Reyes and his lowriders started dispensing toys to disadvantaged families as a way of helping out.
“We did five or 10 families the first year, 10 or 20 the second year, and now it’s grown to where we give out thousands of presents every year,” he says. Each child is typically given seven toys, which are handed out at various seasonal appearances and “toy cruises” — in which a handful of lowriders laden with gifts parade through disadvantaged neighborhoods — through Jan. 6, which is also Three Kings’ Day, or Día de Los Reyes. Gifts are also distributed at a Christmas in July event.
But this year will be dramatically different for many reasons, most of them tied to the pandemic.

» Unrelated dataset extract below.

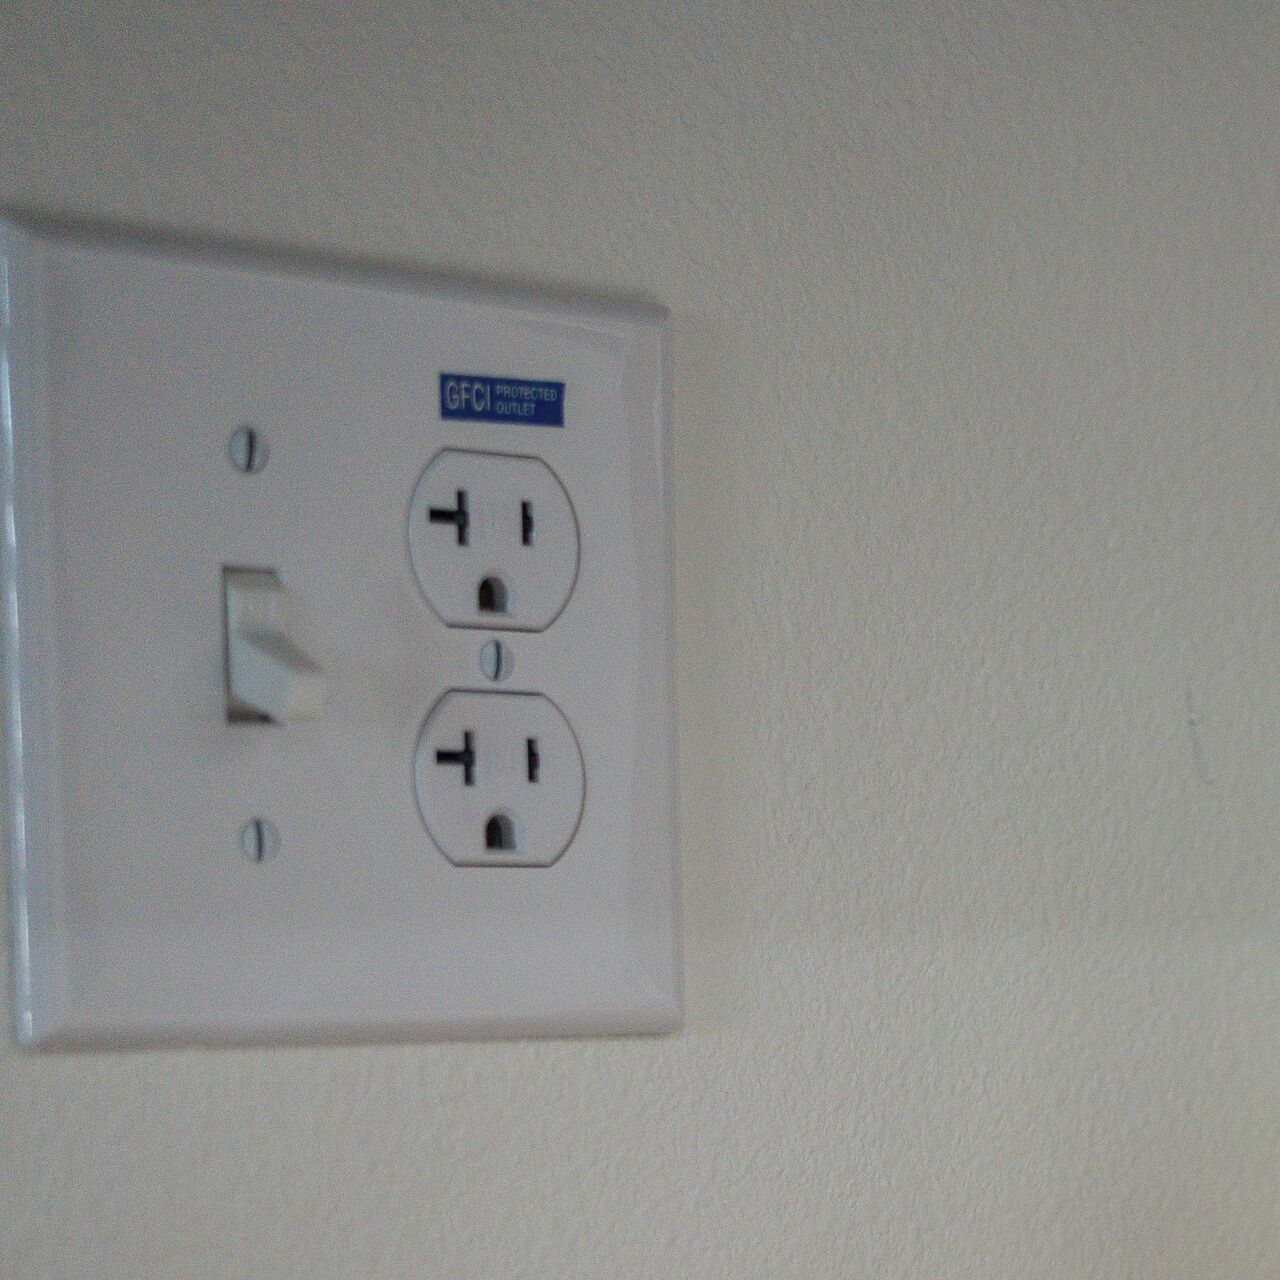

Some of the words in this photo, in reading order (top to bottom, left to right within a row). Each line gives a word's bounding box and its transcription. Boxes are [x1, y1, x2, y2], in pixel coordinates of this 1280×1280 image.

[447, 380, 491, 412] GFCI
[495, 385, 558, 401] PROTECTED
[496, 402, 535, 416] OUTLET

There’s more need, fewer resources and greater challenges in terms of safely distributing gifts to community members.
“Dec. 1, we had as many requests for help as we did Dec. 25 of the other years, so we’re expecting 10 times the people, but we’ve lost all our major sponsors,” Reyes says, adding that he also recently lost his longtime base and storage space, Talento Bilingue de Houston, and has had to move to the Latino Learning Center, where he is temporarily housing his supplies, which he calls a “hoarder’s paradise of toys.”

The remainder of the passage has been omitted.